[[ Provided entries open ]]

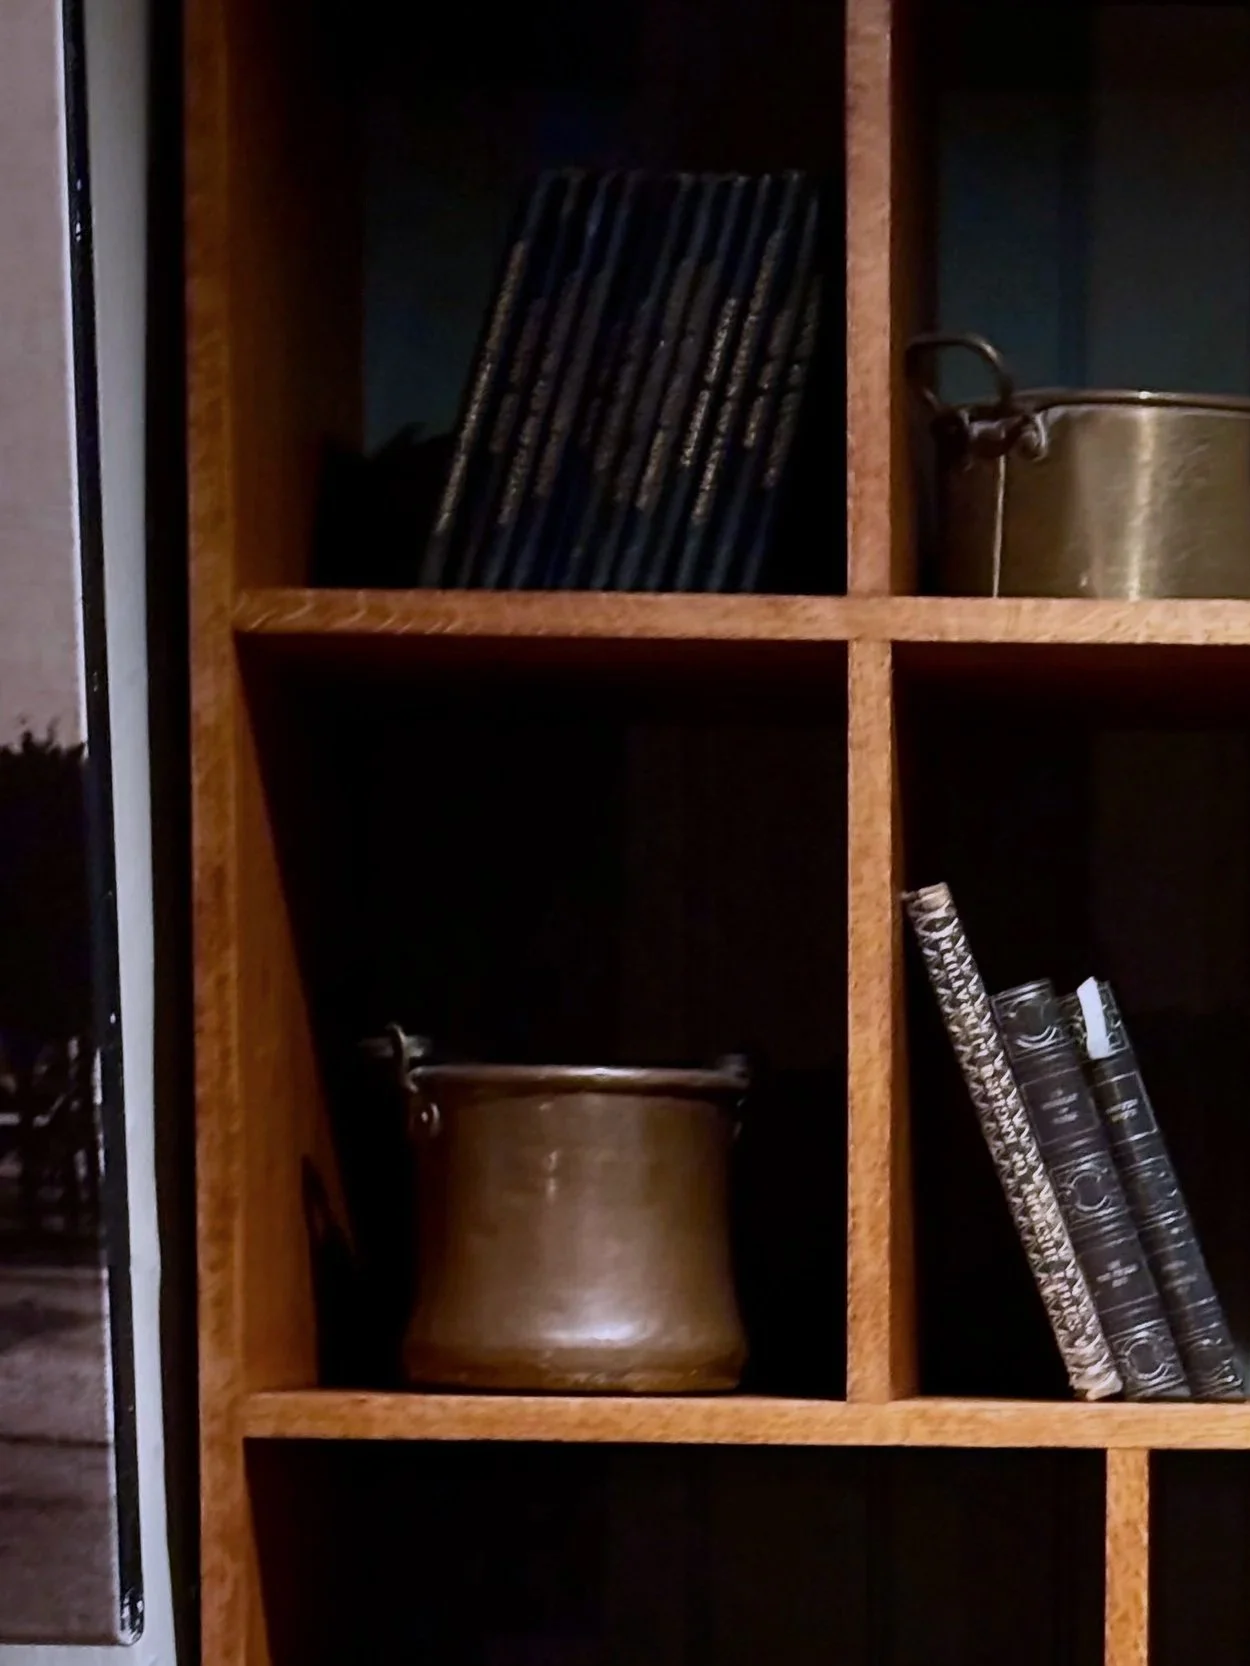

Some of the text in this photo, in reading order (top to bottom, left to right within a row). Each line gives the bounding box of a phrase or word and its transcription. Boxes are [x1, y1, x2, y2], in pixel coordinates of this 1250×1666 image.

[936, 936, 989, 1058] LITERATURE
[978, 1062, 1017, 1145] ENGLISH
[1010, 1149, 1030, 1176] OF
[1020, 1180, 1059, 1263] HISTORY

[[ Provided entries closed ]]

#### Your goal:
All of the entries above need to be transcribed exactly, except for the pictures.

#### Written answer:
Some of the text in this photo, in reading order (top to bottom, left to right within a row). Each line gives the bounding box of a phrase or word and its transcription. Boxes are [x1, y1, x2, y2], in pixel coordinates of this 1250×1666 image.

[936, 936, 989, 1058] LITERATURE
[978, 1062, 1017, 1145] ENGLISH
[1010, 1149, 1030, 1176] OF
[1020, 1180, 1059, 1263] HISTORY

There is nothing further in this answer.